WORK TASK
All entries below must be retyped exactly, though pictures are to be skipped.

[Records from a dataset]
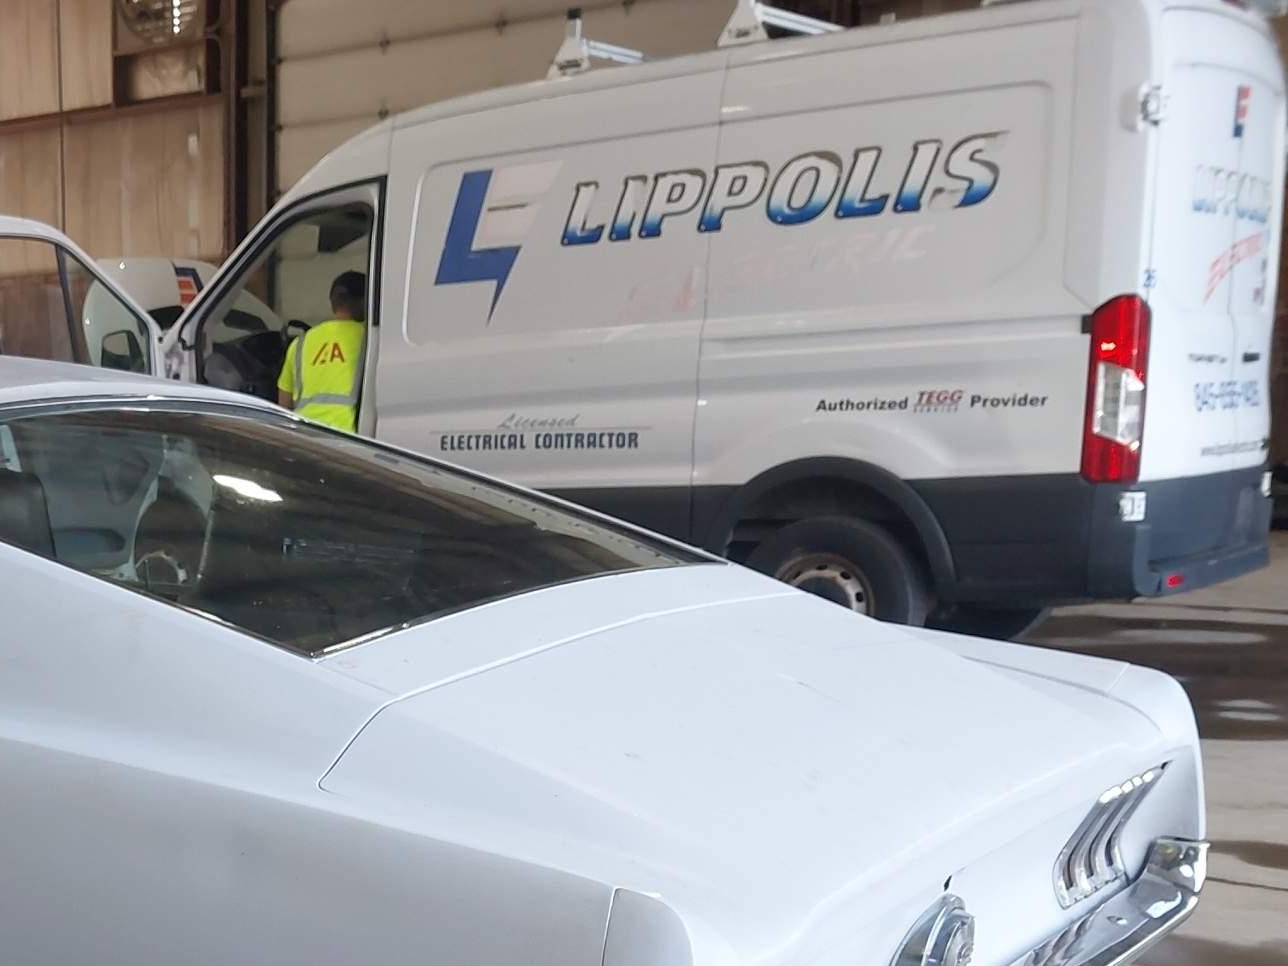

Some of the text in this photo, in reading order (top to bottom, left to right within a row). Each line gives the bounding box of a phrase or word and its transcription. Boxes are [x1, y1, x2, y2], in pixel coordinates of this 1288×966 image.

[560, 130, 1011, 246] LIPPOLIS
[815, 396, 909, 412] Authorized
[969, 393, 1048, 409] Provider
[496, 412, 581, 430] Licensed
[440, 432, 639, 451] ELECTRICAL CONTRACTOR

SOLUTION
Some of the text in this photo, in reading order (top to bottom, left to right within a row). Each line gives the bounding box of a phrase or word and its transcription. Boxes are [x1, y1, x2, y2], in pixel coordinates of this 1288×966 image.

[560, 130, 1011, 246] LIPPOLIS
[815, 396, 909, 412] Authorized
[969, 393, 1048, 409] Provider
[496, 412, 581, 430] Licensed
[440, 432, 639, 451] ELECTRICAL CONTRACTOR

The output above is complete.